• Your assignment
Would you return each record that follows word for word, without its pictures?

= Beginning of Section =

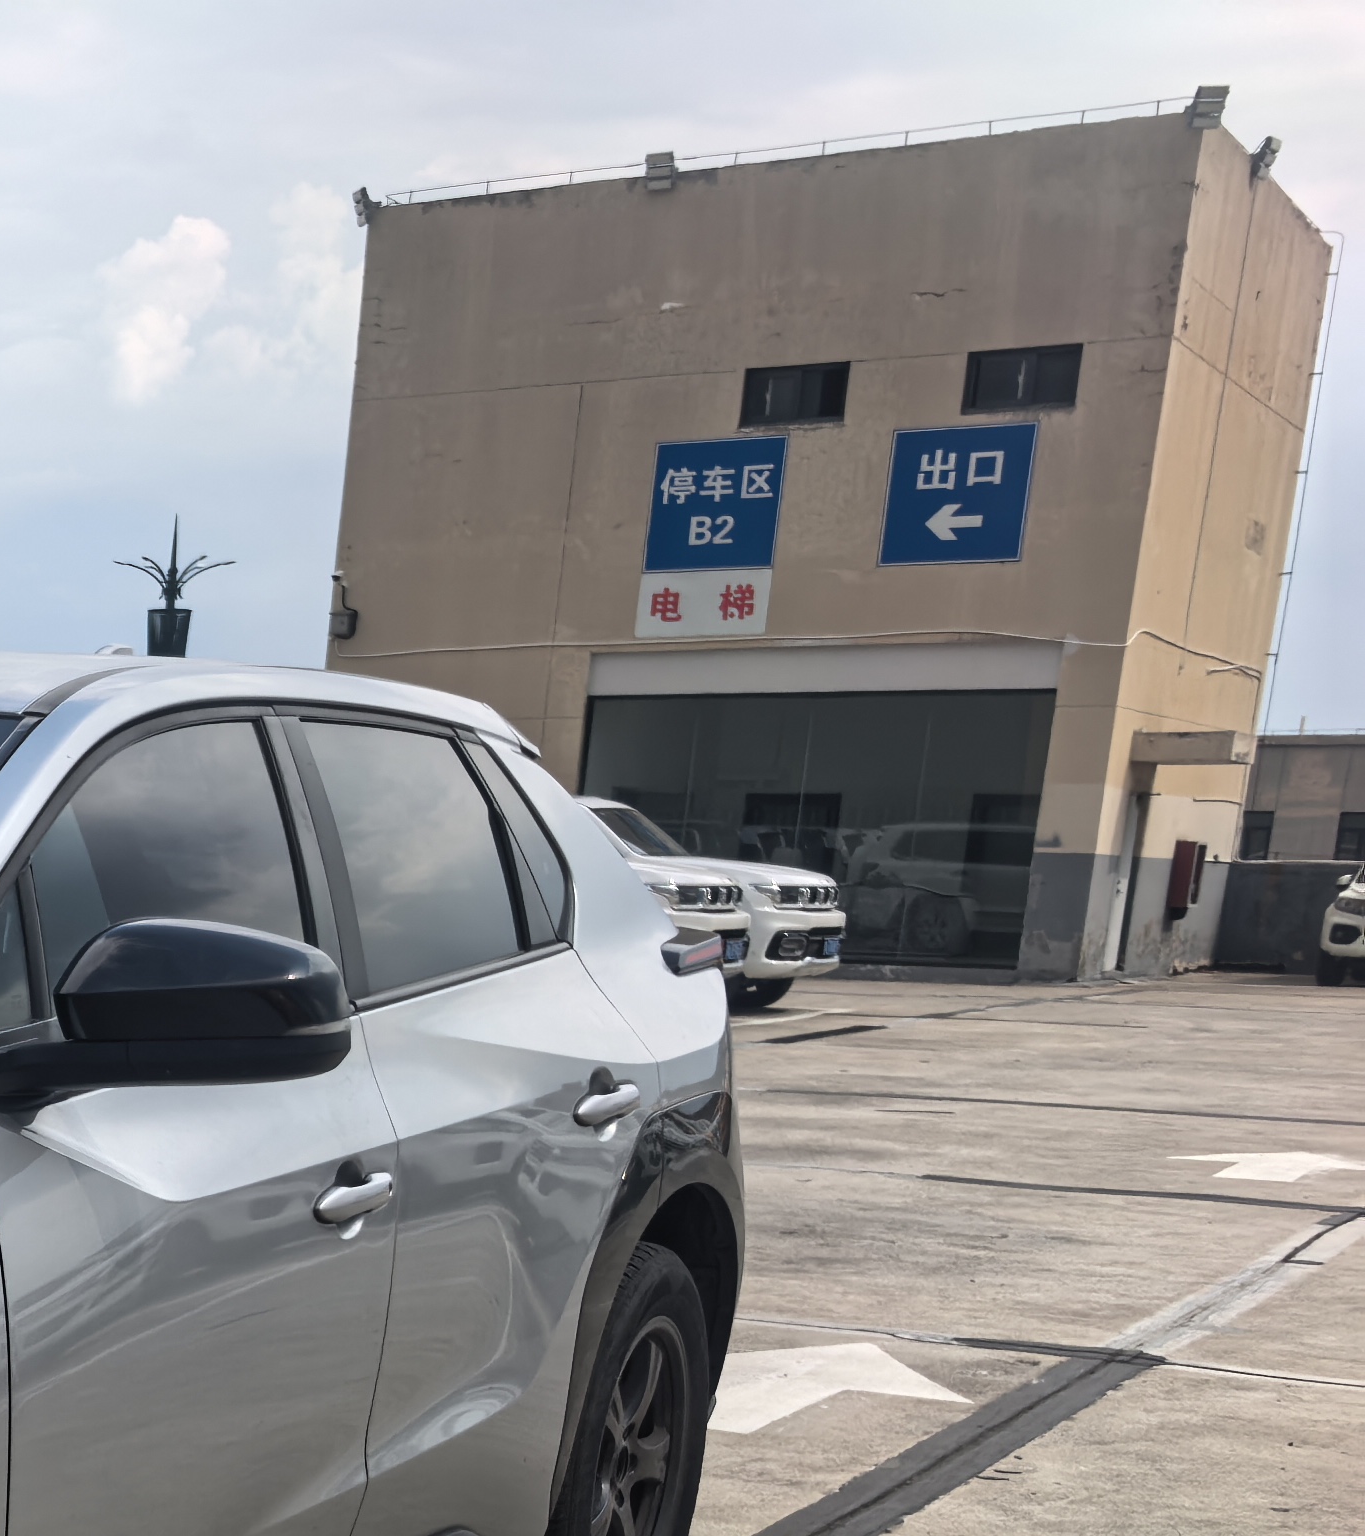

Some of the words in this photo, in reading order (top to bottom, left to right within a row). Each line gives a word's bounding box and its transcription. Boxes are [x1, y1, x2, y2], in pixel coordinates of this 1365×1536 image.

[660, 464, 775, 504] 停车区
[916, 449, 1004, 490] 出口
[688, 515, 735, 545] B2
[650, 584, 755, 622] 电梯
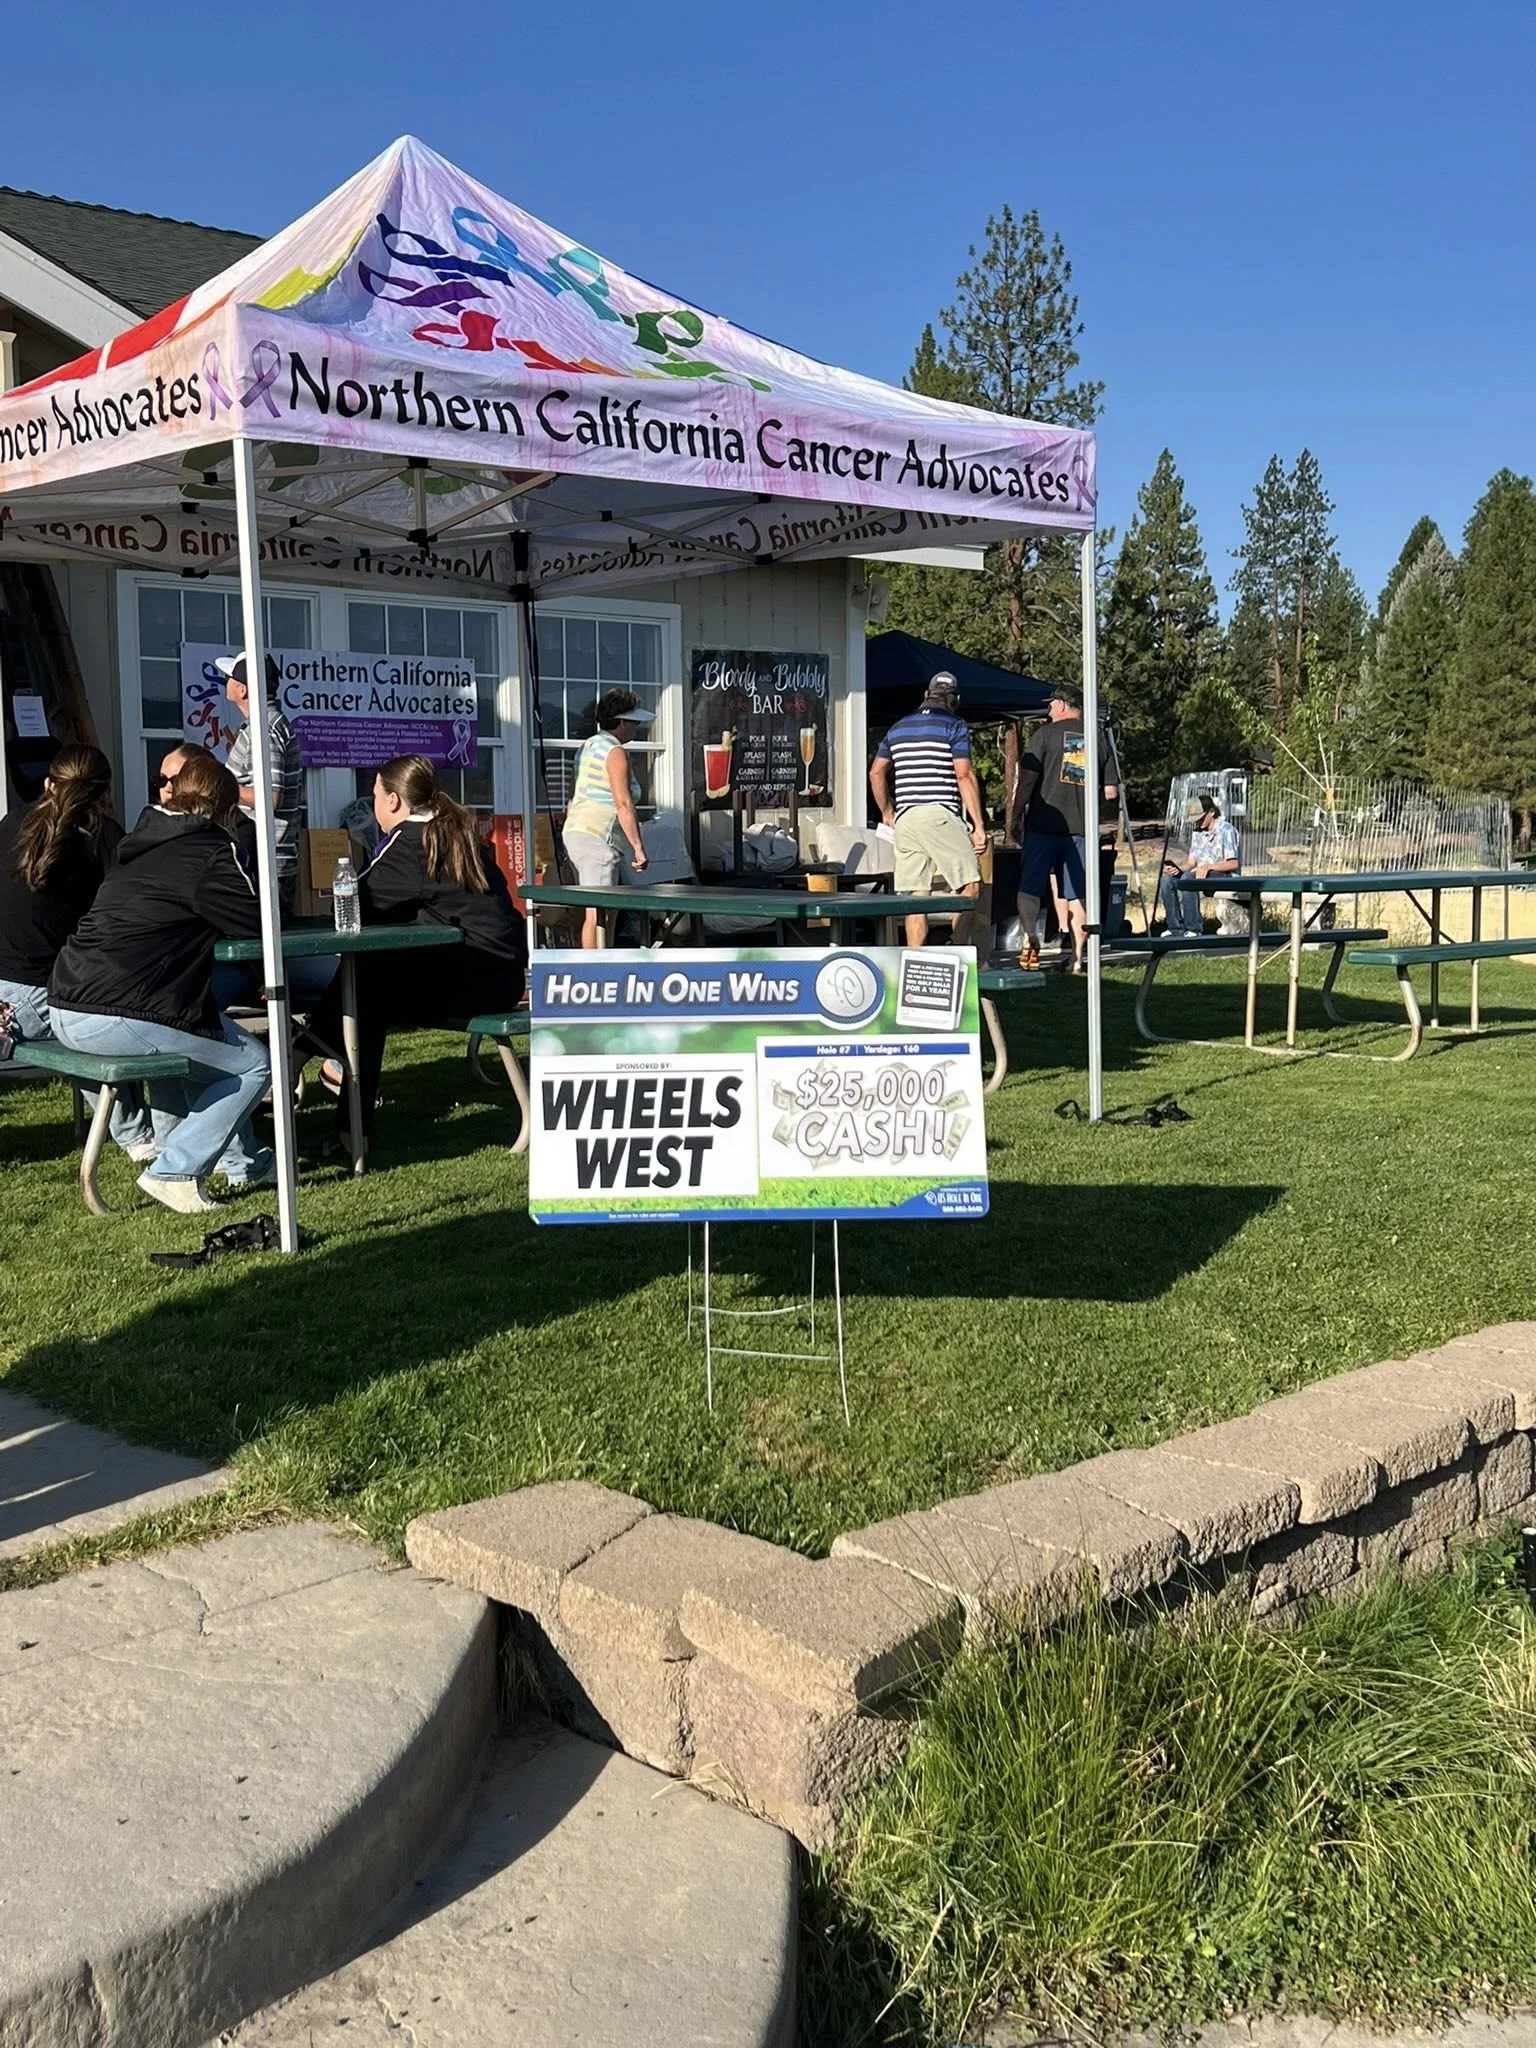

= End of Section =

• Response to the task
Some of the words in this photo, in reading order (top to bottom, left to right within a row). Each line gives a word's bounding box and its transcription. Boxes are [x1, y1, x2, y2], in pixel coordinates of this 1365×1536 image.

[660, 464, 775, 504] 停车区
[916, 449, 1004, 490] 出口
[688, 515, 735, 545] B2
[650, 584, 755, 622] 电梯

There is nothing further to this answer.